Chronological log of setting up the TSI-Telemetry system.


Day 1: Infrastructure Setup (COMPLETED)

What We Built

HiveMQ Cloud ──► Python Bridge ──► TimescaleDB (Docker) ──► Grafana

Prerequisites

  • Mac Mini (always on, home network)
  • Homebrew installed
  • Docker installed
  • UV (Python package manager)

Step 1: Tailscale (Attempted)

Installed Tailscale for remote access:

brew install tailscale
sudo tailscaled &
tailscale up

Issue: Tailscale IPs weren't routing between devices (100% packet loss).

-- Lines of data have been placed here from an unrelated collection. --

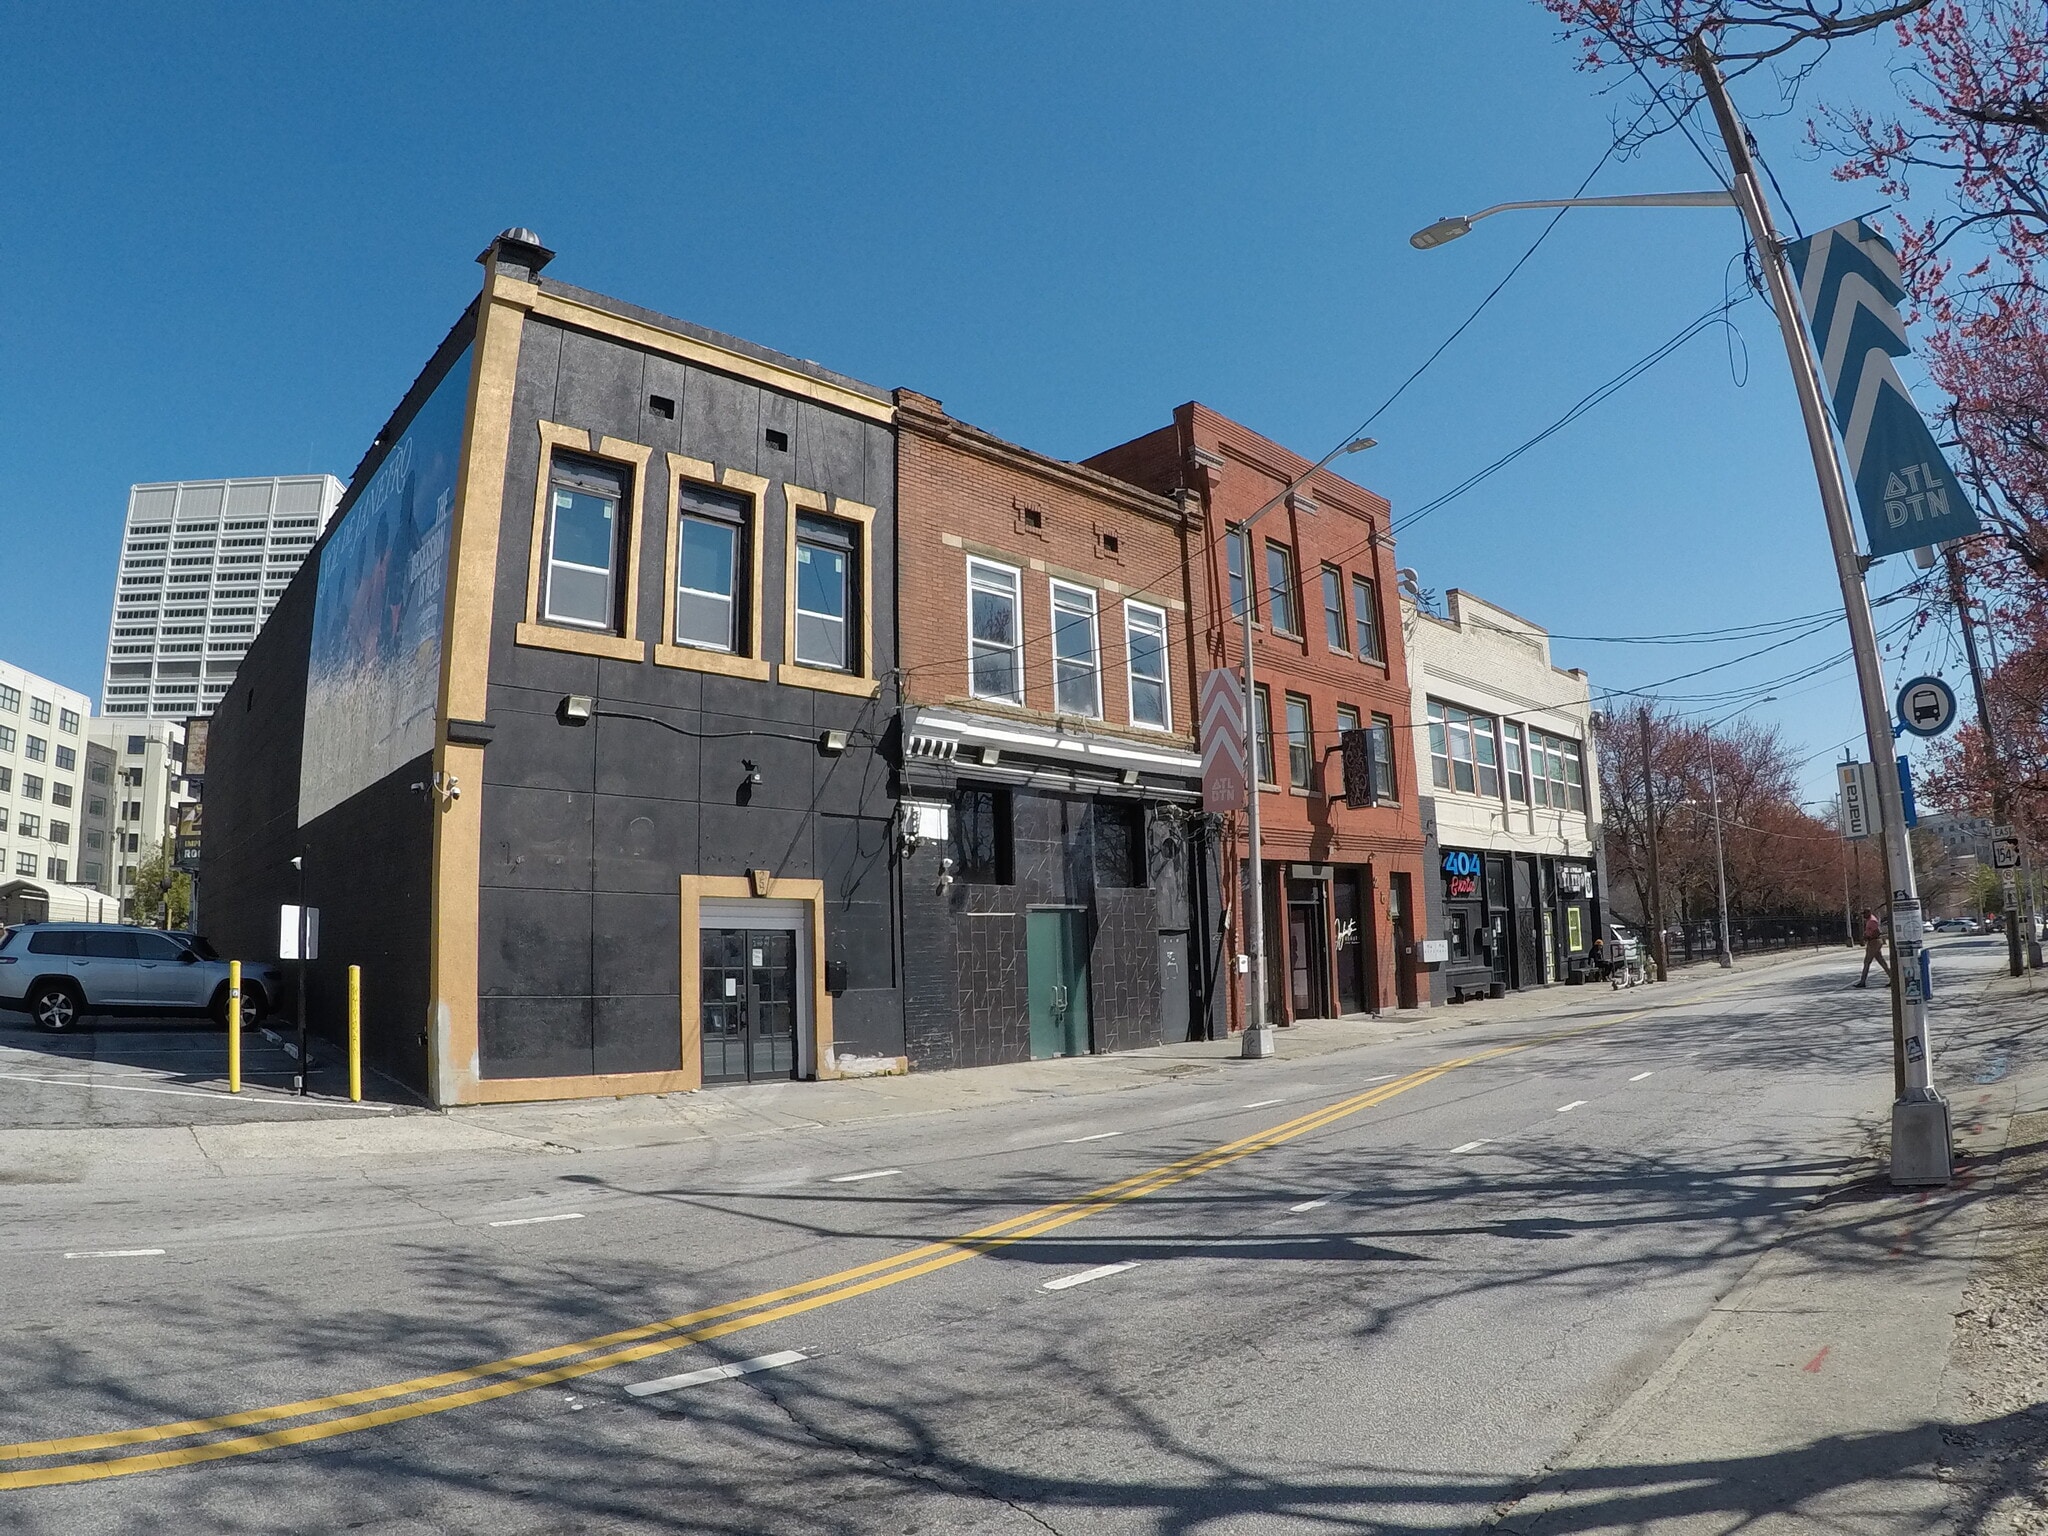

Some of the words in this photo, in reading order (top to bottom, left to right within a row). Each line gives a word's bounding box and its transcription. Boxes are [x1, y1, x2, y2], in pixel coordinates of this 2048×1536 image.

[1883, 462, 1944, 501] ATL
[435, 487, 450, 527] THE
[1884, 488, 1950, 529] DTN
[1212, 778, 1233, 789] ATL
[1212, 789, 1234, 800] DTN
[1846, 784, 1863, 833] marta
[1995, 826, 2013, 837] EAST
[1445, 851, 1481, 876] 404
[1996, 847, 2013, 863] 154
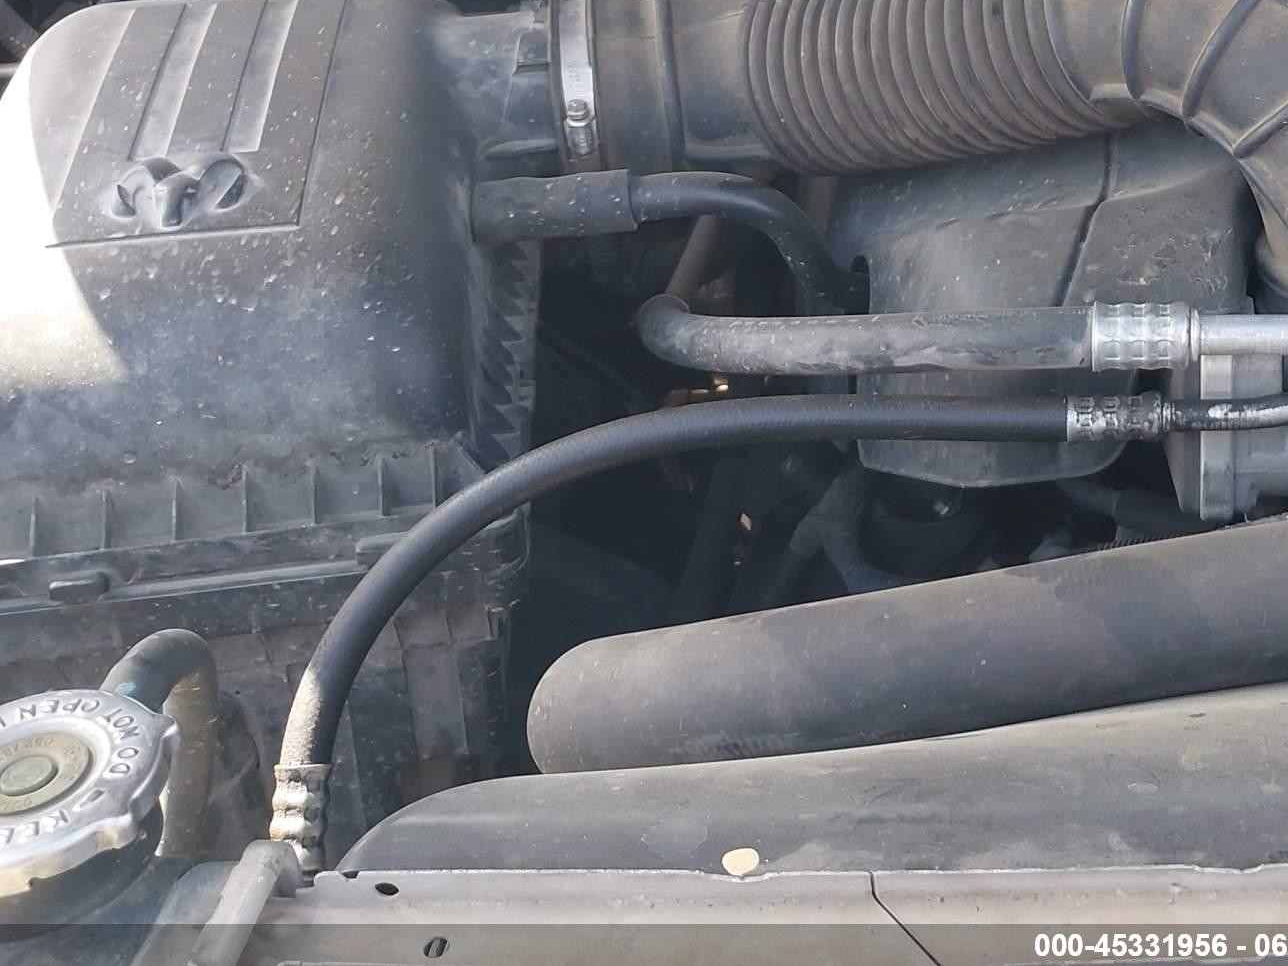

Resolution: Decided to use cloud MQTT broker instead, which doesn't require VPN.


Step 2: Mosquitto (Local MQTT)

Installed for local testing:

brew install mosquitto
brew services start mosquitto

Configured for remote access in /opt/homebrew/etc/mosquitto/mosquitto.conf:

listener 1883 0.0.0.0
allow_anonymous true

Note: Local Mosquitto used only for testing. Production uses HiveMQ Cloud.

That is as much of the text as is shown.